Saved entries:
——————————

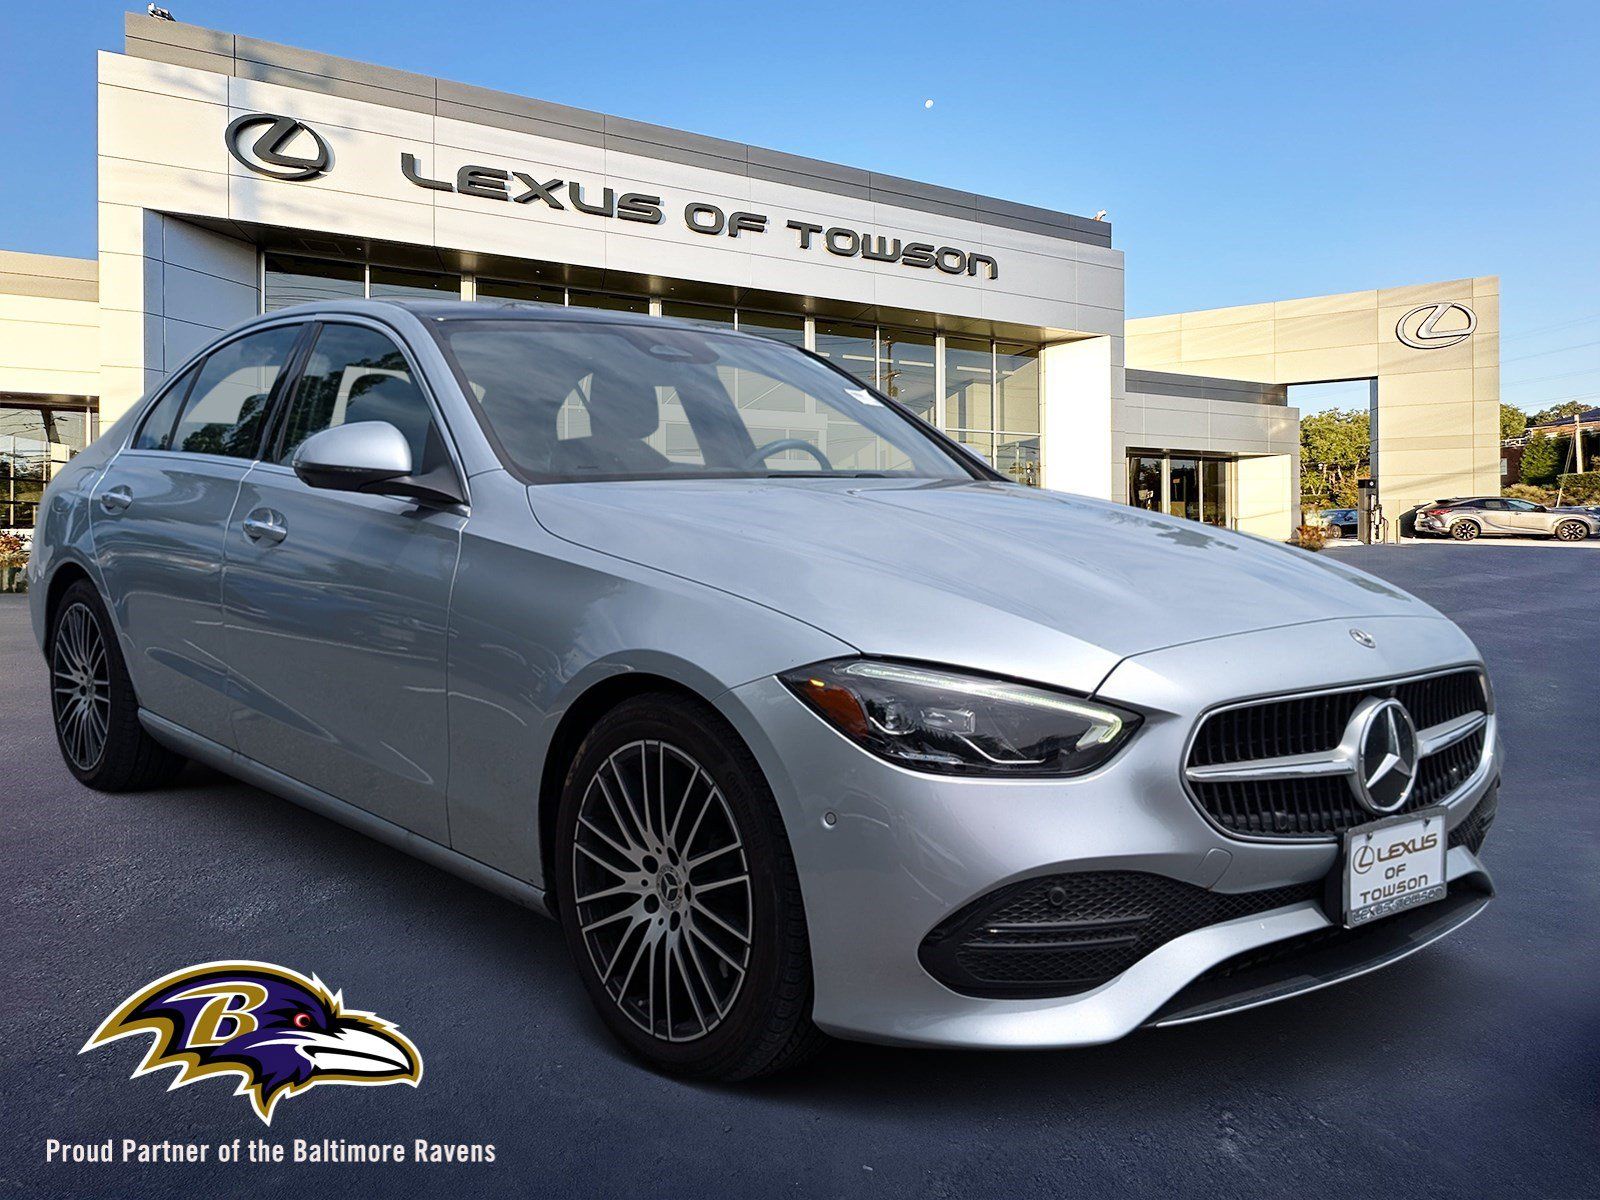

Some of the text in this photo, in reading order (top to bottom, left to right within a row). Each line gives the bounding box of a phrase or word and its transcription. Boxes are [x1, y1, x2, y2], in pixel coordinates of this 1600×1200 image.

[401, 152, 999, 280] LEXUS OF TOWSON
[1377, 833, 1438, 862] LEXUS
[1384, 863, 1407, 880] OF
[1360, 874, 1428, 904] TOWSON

——————————

For this exercise, transcribe the data above line by line, exactly, with pictures omitted.

## [Output below]
Some of the text in this photo, in reading order (top to bottom, left to right within a row). Each line gives the bounding box of a phrase or word and its transcription. Boxes are [x1, y1, x2, y2], in pixel coordinates of this 1600×1200 image.

[401, 152, 999, 280] LEXUS OF TOWSON
[1377, 833, 1438, 862] LEXUS
[1384, 863, 1407, 880] OF
[1360, 874, 1428, 904] TOWSON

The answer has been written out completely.